I do not visualize images in my mind. I make my art in order to see it. I ask my work to teach me, knowing that nothing is only what it seems but also something else. This poem is one of my oldest teachers. It came to me in 1972 while listening a lecture about Christopher Alexander’s Pattern Language at the University of Oregon where I was completing my PhD.in Art Education.
In a painting of space
Of light and light, you paint to be alive.
Every part, and every part between the part is whole
And you are artist enough to call forth it riches.
For you there will be not past indifferent moment
There will be no forgotten place.
I have remembered these phrases again and again across the years of my art-making. They remain the ground upon which my choices for ways of working are made.
I moved to Cortes Island in 1990 from Halifax, where I was teaching at the Nova Scotia College of Art and Design, because one cold dark morning I was shocked to not recognize myself in the mirror—I looked so tired and stressed.
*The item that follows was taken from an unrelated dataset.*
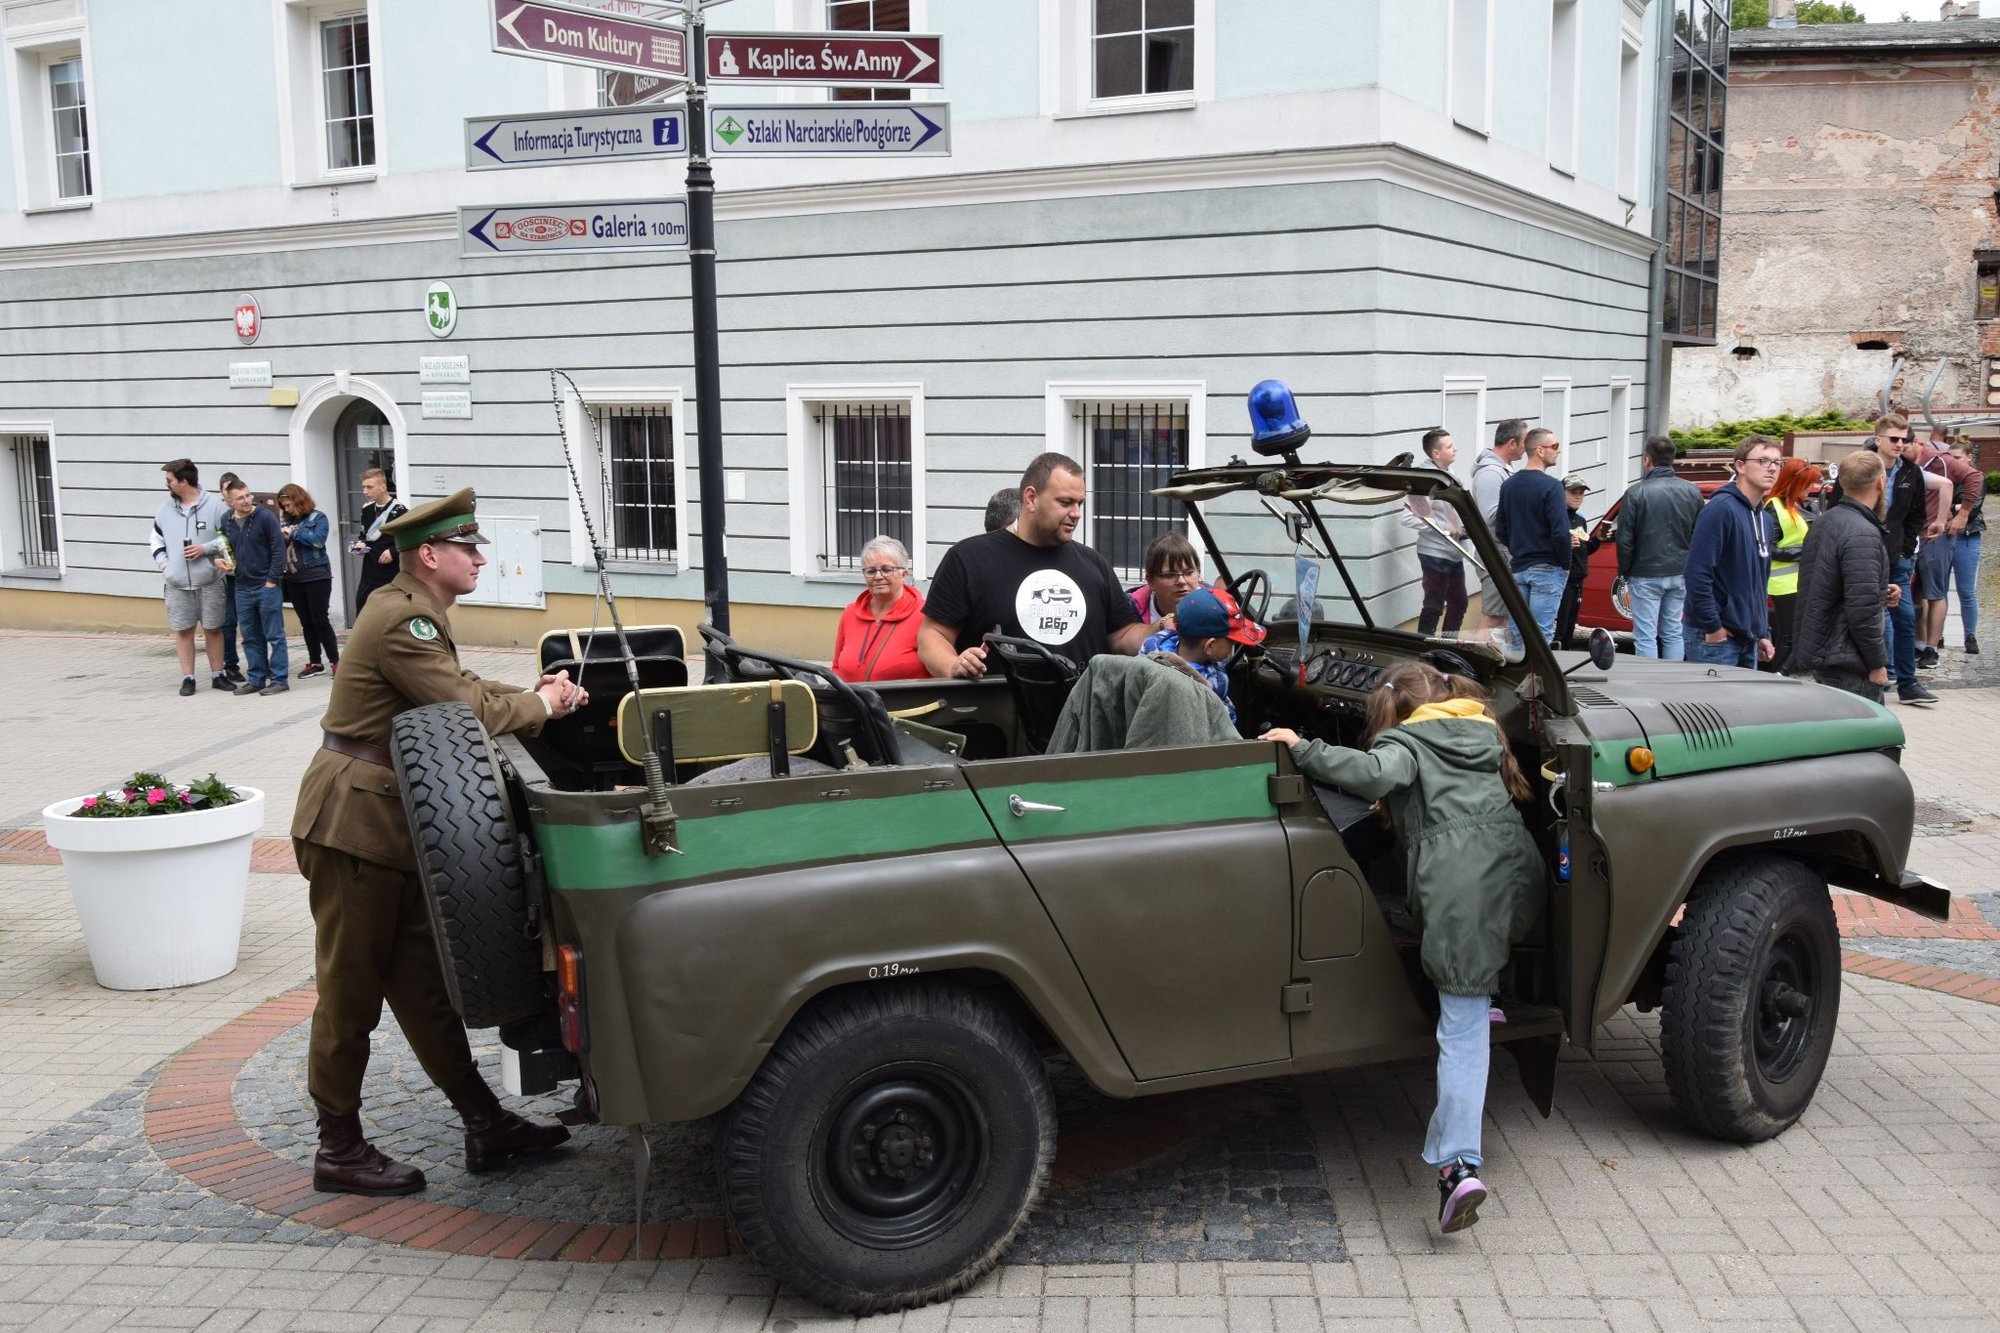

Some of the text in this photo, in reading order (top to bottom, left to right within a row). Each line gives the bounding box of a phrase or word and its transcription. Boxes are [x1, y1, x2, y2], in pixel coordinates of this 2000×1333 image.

I gave up money and career advancement to become an overeducated oyster farmer who paints large photo-realist images of nature, makes frame drums for shamanic journeying, and continually creates the Journey Oracle card deck.
I compare my best painting moments to singing Opera. I strive for making that elegantly floating line of pigment unfurling like an effortless aria, all the while knowing years of discipline and practice are supporting the voice, and the mark.